It’s amazing how so many morons can live their entire lives blissfully unaware of how anything works, learn about how something works out of context by some bloviating idiot on social media, and then immediately catastrophize that the entire system is going to collapse because no one but them, who just learned how this thing works, could’ve possibly had the foresight to account for the risks with institutional safeguards. Like for real, just continue to bumble through life with zero curiosity or critical thinking. It’d be better for everyone.
Too many big words, should I buy or sell my bitcoin?
Sell and invest all you’re money into BlockBuster coin
Blockbuster doesn't even trust me to take home a video case. I'm not buying their coins
It hasn’t been a blockbuster year for me. My blockbuster stock is down.
Take a loan out against it, get as leveraged as you can and go long on the Argentinian peso
To be fair, I could see how someone could live through the shenanigans of the 2000s and then become a lifelong cynic about our entire financial system
Dunning-Krueger
Except the people who you would think would have recognized the Bernie madoff scam, or theranos, or the 08 recession, or the savings and loan crises, or that blockbuster would surely fail, just…. Didn’t. So her opinion is really as good as any of the so called professionals.
OP is the smartest Jordan Peterson enthusiast.
And the tallest midget
So we're all fucked is what you're saying?

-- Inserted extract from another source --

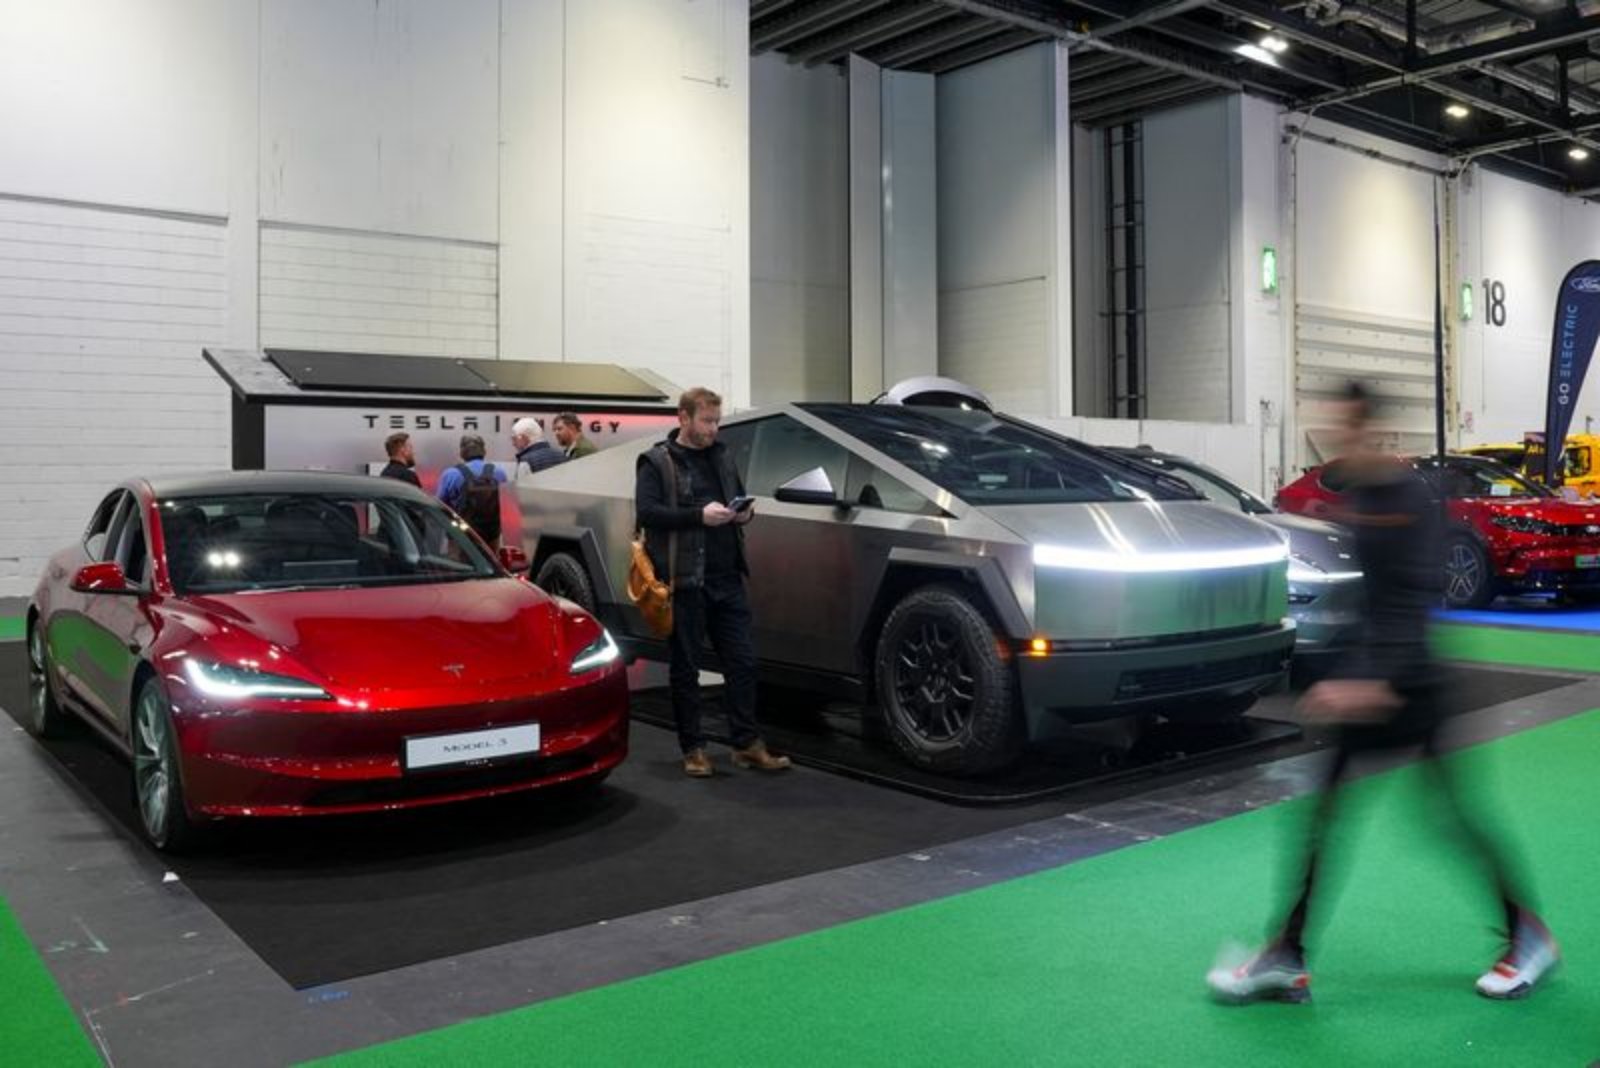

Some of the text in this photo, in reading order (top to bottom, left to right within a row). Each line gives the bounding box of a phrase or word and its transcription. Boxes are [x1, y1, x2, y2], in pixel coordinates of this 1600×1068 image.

[1482, 278, 1506, 327] 18
[1558, 304, 1578, 405] GO ELECTRIC
[363, 415, 479, 430] TESLA
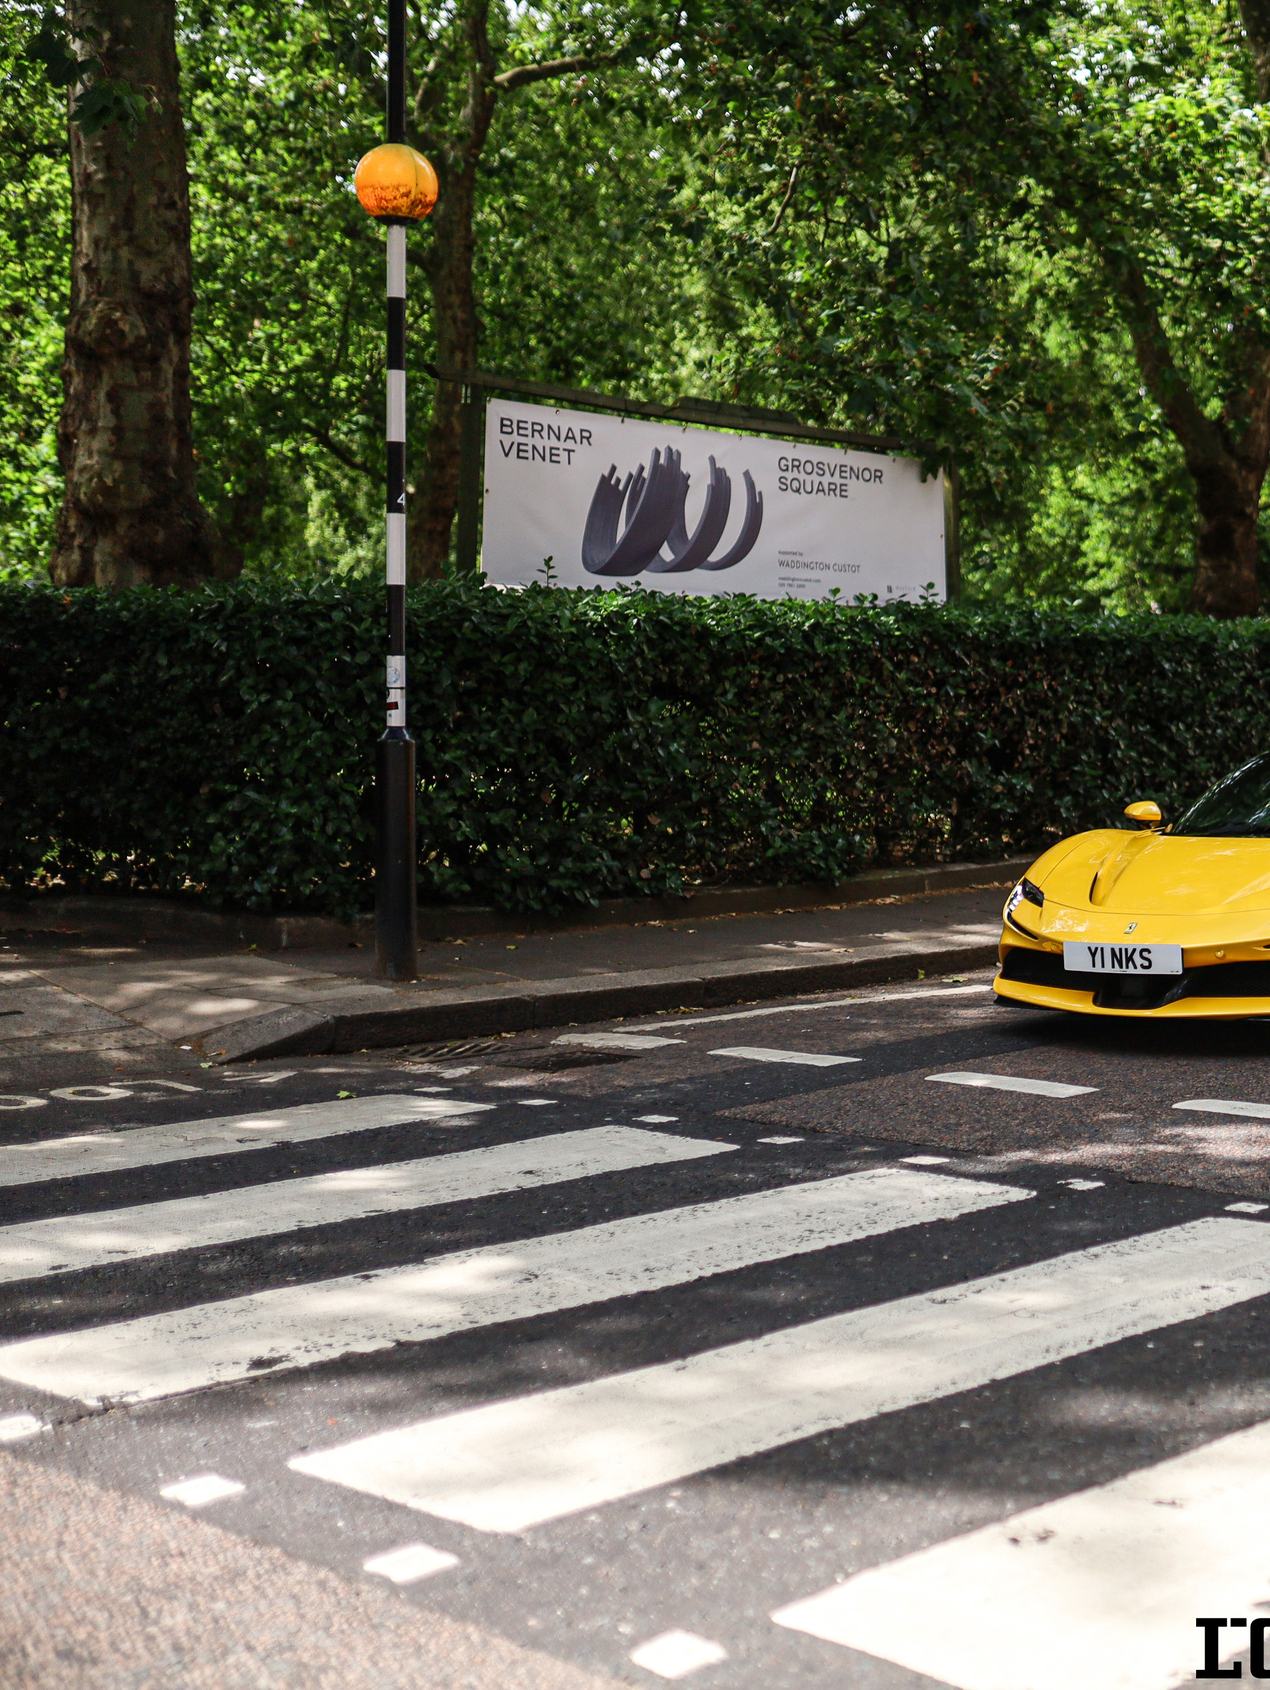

what you're saying is true to a certain extent but institutions and the professionals in charge of such safeguards themselves often have trouble fully understanding the convoluted system that they (or more accurately, their predecessor) created. the bank run that almost brought the collapse (or it pretty much did collapse it, only for monpolized banks to gobble it up) SVB is such a great example of this where the people who managed the money did EXACTLY as the Fed required, only to have found themselves getting absolutely assfked by bonds because the Fed fks you and because of the mistake of their lax stance on non fdic insured accounts. It caught alot of people off guard bc SVB was actually such a safe bank that were quite conservative with their handling of the money. So yes, there are safeguards, but no, the system itself is not bullet proof and honestly is a lot more fragile than most people (even professionals) would want to believe.
Sure, that’s fair. At the same time I’ve never learned a single thing about banking or economy that *doesnt* make the whole thing sound like a scam.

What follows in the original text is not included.